WHAT TO DO — Restate the data below word for word. Leave the images out.

** EXCERPTED DATA follows **

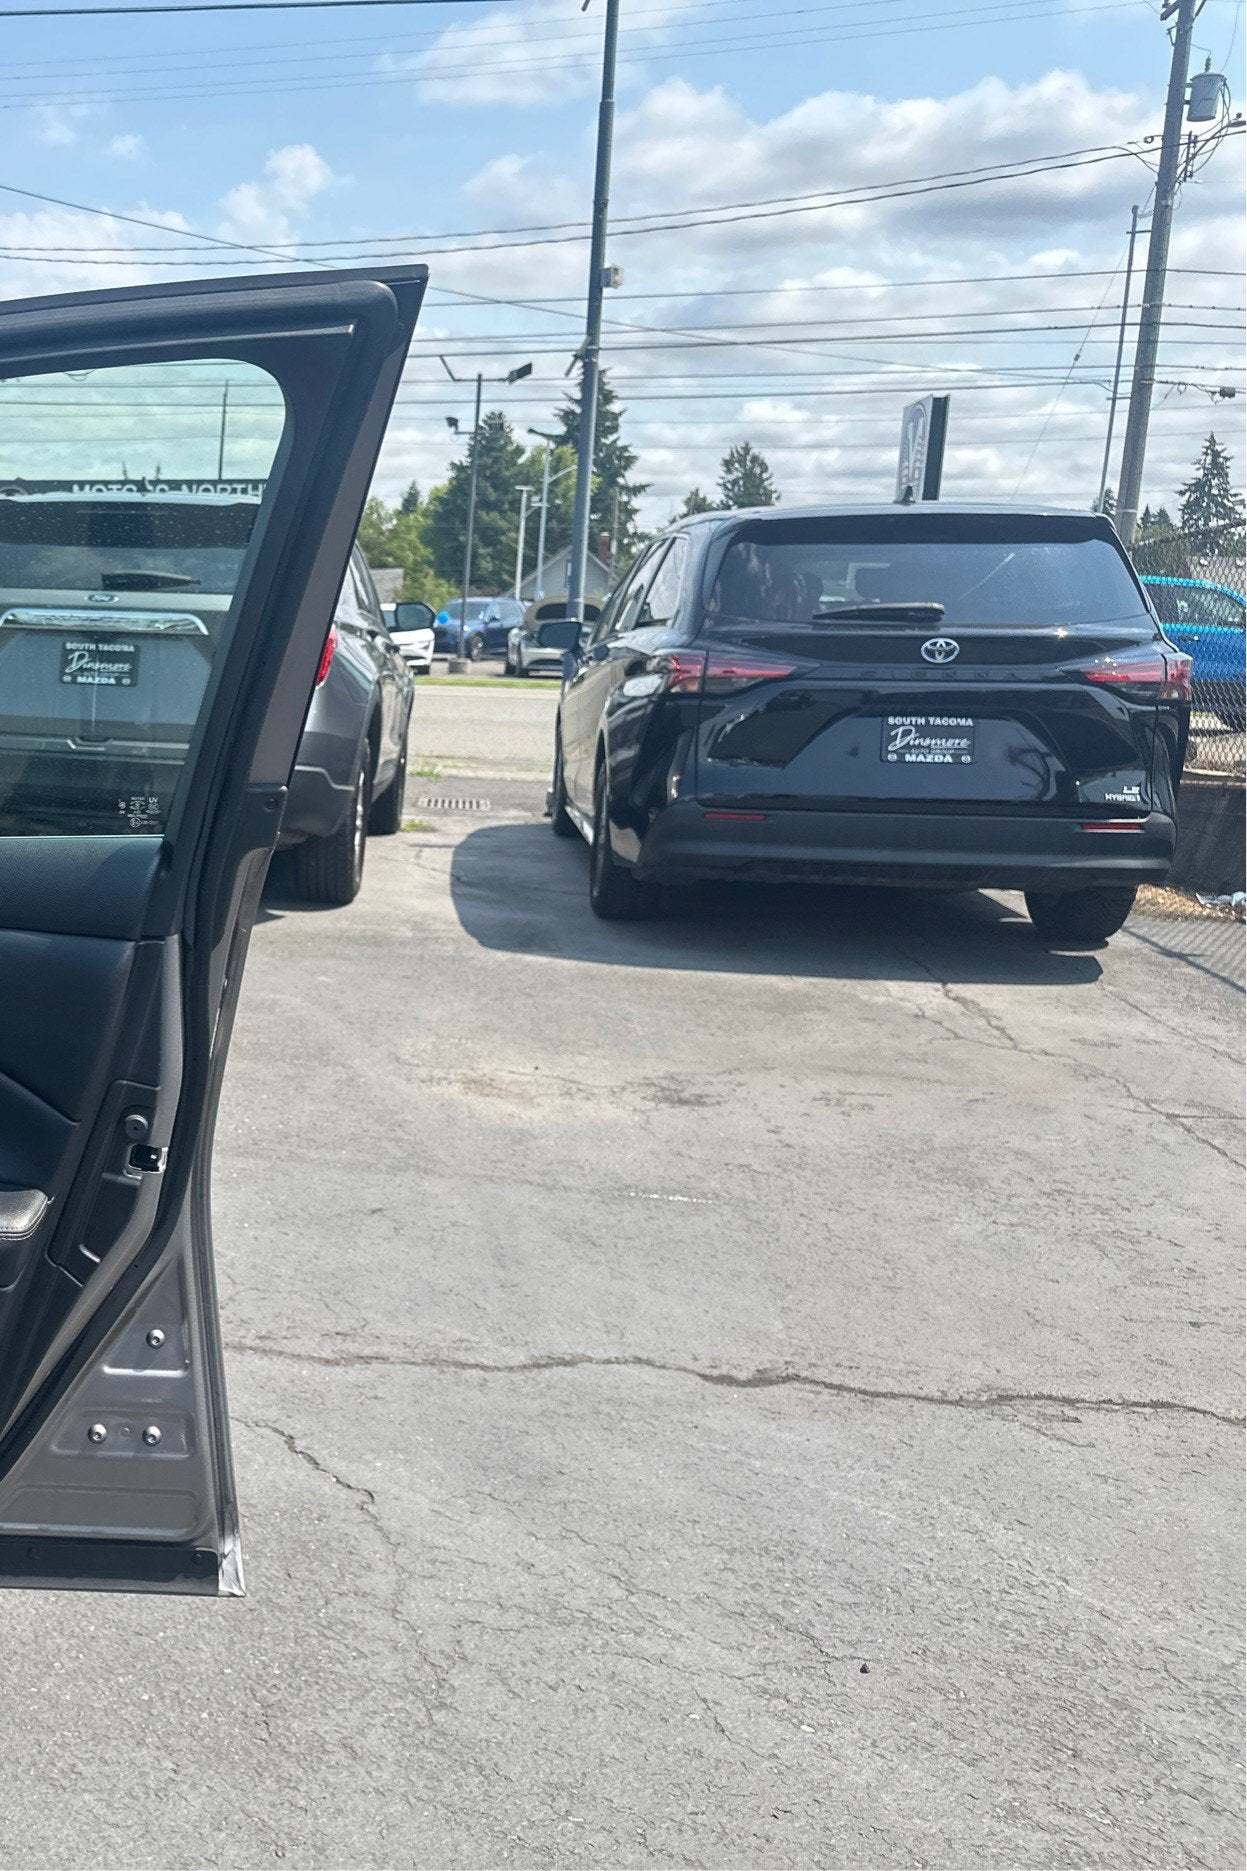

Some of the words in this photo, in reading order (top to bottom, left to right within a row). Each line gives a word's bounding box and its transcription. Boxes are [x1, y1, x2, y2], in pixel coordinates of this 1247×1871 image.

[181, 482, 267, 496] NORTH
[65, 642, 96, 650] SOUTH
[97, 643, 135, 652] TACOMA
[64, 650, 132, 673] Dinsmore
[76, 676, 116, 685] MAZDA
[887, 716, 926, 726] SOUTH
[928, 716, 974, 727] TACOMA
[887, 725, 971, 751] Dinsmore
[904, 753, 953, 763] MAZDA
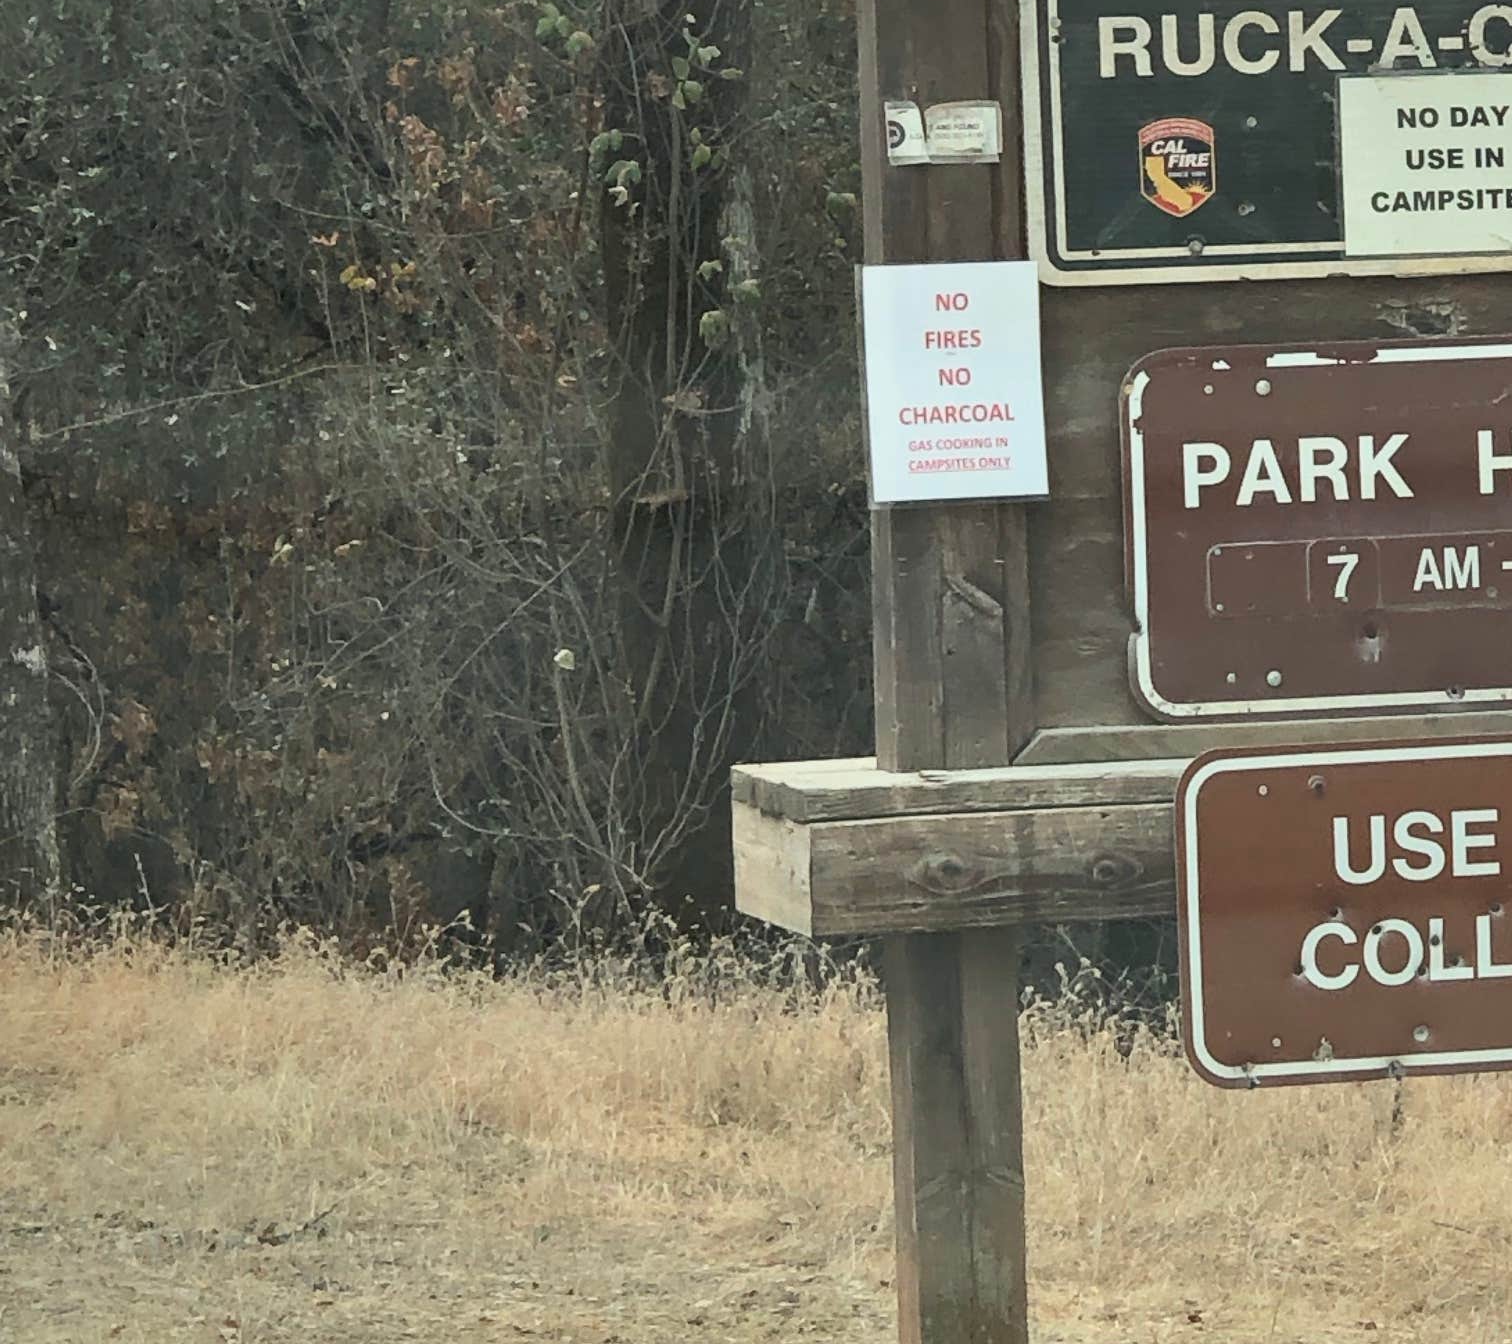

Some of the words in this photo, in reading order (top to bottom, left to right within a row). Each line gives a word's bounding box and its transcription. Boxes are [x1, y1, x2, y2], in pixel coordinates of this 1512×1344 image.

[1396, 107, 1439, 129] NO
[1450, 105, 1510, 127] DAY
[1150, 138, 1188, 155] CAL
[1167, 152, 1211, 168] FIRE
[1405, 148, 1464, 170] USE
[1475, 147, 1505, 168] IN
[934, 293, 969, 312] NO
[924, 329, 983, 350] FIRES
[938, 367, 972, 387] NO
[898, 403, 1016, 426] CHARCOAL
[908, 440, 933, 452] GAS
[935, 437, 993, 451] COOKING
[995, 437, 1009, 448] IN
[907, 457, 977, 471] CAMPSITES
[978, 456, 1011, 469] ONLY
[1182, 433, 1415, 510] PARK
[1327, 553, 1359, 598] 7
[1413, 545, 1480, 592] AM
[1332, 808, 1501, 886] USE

** End of EXCERPTED DATA **

REPLY —
Some of the words in this photo, in reading order (top to bottom, left to right within a row). Each line gives a word's bounding box and its transcription. Boxes are [x1, y1, x2, y2], in pixel coordinates of this 1247×1871 image.

[181, 482, 267, 496] NORTH
[65, 642, 96, 650] SOUTH
[97, 643, 135, 652] TACOMA
[64, 650, 132, 673] Dinsmore
[76, 676, 116, 685] MAZDA
[887, 716, 926, 726] SOUTH
[928, 716, 974, 727] TACOMA
[887, 725, 971, 751] Dinsmore
[904, 753, 953, 763] MAZDA

Some of the words in this photo, in reading order (top to bottom, left to right within a row). Each line gives a word's bounding box and its transcription. Boxes are [x1, y1, x2, y2], in pixel coordinates of this 1512×1344 image.

[1396, 107, 1439, 129] NO
[1450, 105, 1510, 127] DAY
[1150, 138, 1188, 155] CAL
[1167, 152, 1211, 168] FIRE
[1405, 148, 1464, 170] USE
[1475, 147, 1505, 168] IN
[934, 293, 969, 312] NO
[924, 329, 983, 350] FIRES
[938, 367, 972, 387] NO
[898, 403, 1016, 426] CHARCOAL
[908, 440, 933, 452] GAS
[935, 437, 993, 451] COOKING
[995, 437, 1009, 448] IN
[907, 457, 977, 471] CAMPSITES
[978, 456, 1011, 469] ONLY
[1182, 433, 1415, 510] PARK
[1327, 553, 1359, 598] 7
[1413, 545, 1480, 592] AM
[1332, 808, 1501, 886] USE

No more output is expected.